* _PROVIDED INFORMATION_
######

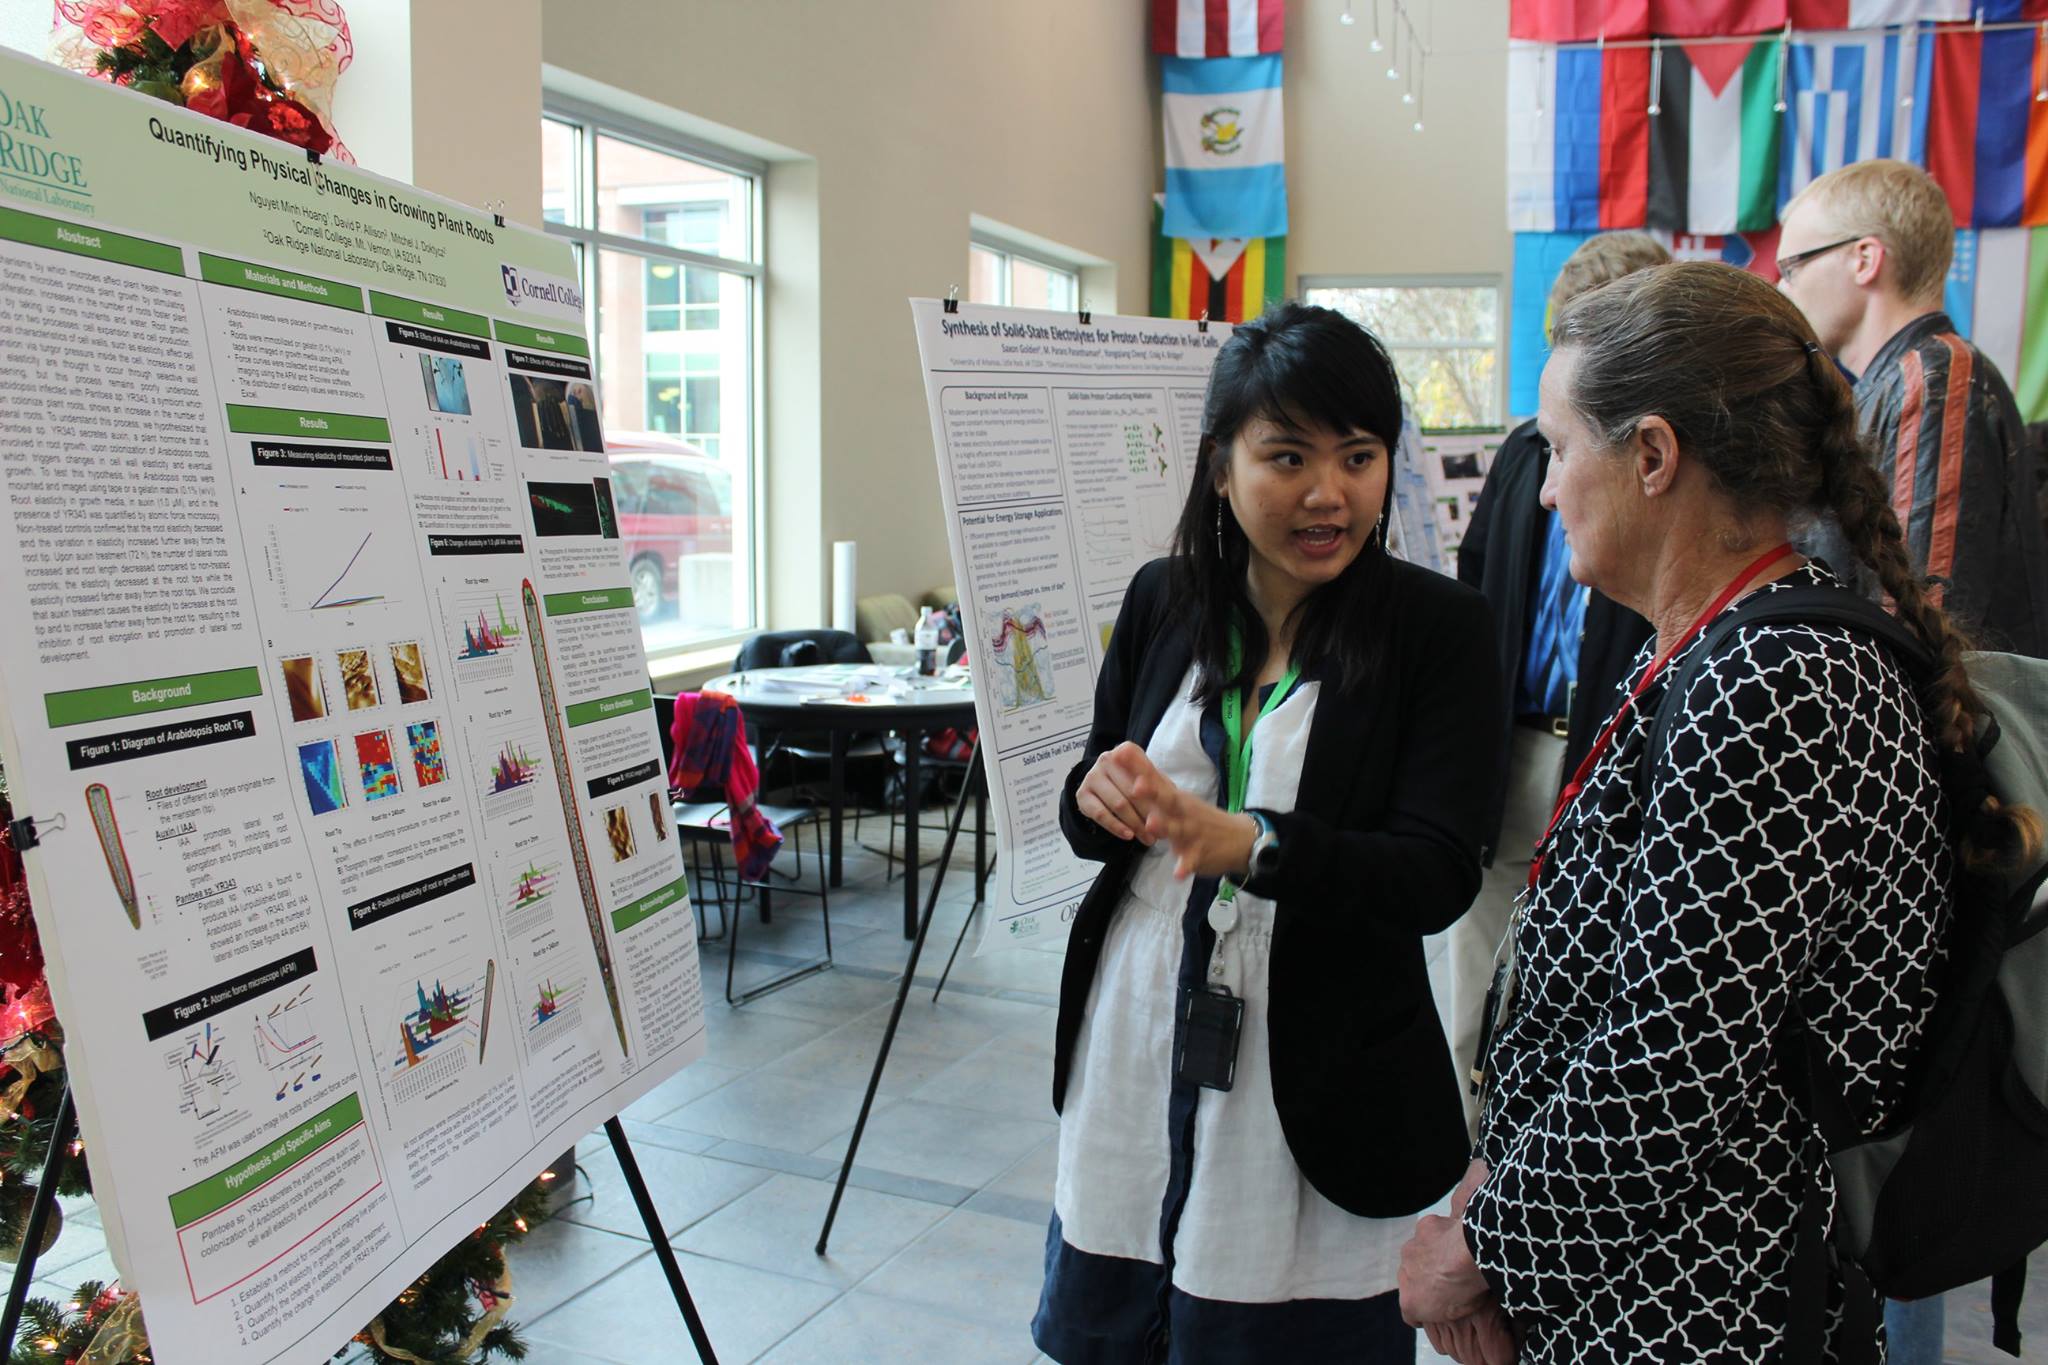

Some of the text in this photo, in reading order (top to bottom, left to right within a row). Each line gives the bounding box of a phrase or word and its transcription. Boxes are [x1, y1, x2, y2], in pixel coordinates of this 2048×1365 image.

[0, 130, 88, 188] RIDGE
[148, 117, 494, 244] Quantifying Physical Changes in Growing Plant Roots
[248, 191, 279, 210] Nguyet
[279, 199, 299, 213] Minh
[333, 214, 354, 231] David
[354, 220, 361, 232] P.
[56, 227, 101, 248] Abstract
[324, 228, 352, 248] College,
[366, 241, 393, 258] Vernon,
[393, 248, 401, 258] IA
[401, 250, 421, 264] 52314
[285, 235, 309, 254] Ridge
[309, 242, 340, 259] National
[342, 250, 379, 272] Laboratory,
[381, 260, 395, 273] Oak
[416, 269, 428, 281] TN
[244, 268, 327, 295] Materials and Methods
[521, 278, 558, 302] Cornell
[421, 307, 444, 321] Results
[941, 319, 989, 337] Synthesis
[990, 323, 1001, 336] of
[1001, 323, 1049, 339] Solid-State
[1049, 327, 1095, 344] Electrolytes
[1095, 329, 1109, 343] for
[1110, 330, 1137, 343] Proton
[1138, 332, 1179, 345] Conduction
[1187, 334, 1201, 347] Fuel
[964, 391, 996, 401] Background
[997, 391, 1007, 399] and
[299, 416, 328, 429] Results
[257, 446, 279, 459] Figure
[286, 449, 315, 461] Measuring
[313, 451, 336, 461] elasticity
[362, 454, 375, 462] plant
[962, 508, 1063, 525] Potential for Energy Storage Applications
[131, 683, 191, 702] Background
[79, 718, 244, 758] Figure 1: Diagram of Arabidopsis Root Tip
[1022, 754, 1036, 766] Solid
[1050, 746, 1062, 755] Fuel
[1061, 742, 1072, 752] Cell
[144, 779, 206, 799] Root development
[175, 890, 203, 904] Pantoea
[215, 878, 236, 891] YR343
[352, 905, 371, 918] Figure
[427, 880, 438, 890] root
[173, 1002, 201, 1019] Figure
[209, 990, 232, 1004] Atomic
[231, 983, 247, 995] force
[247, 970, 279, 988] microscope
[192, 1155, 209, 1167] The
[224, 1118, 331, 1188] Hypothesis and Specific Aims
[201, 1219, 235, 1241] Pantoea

######

* _ASSIGNMENT_
Each line that includes "Figure" counts once; state how many such lines the listing has, with no other words.

* _FINAL ANSWER_
4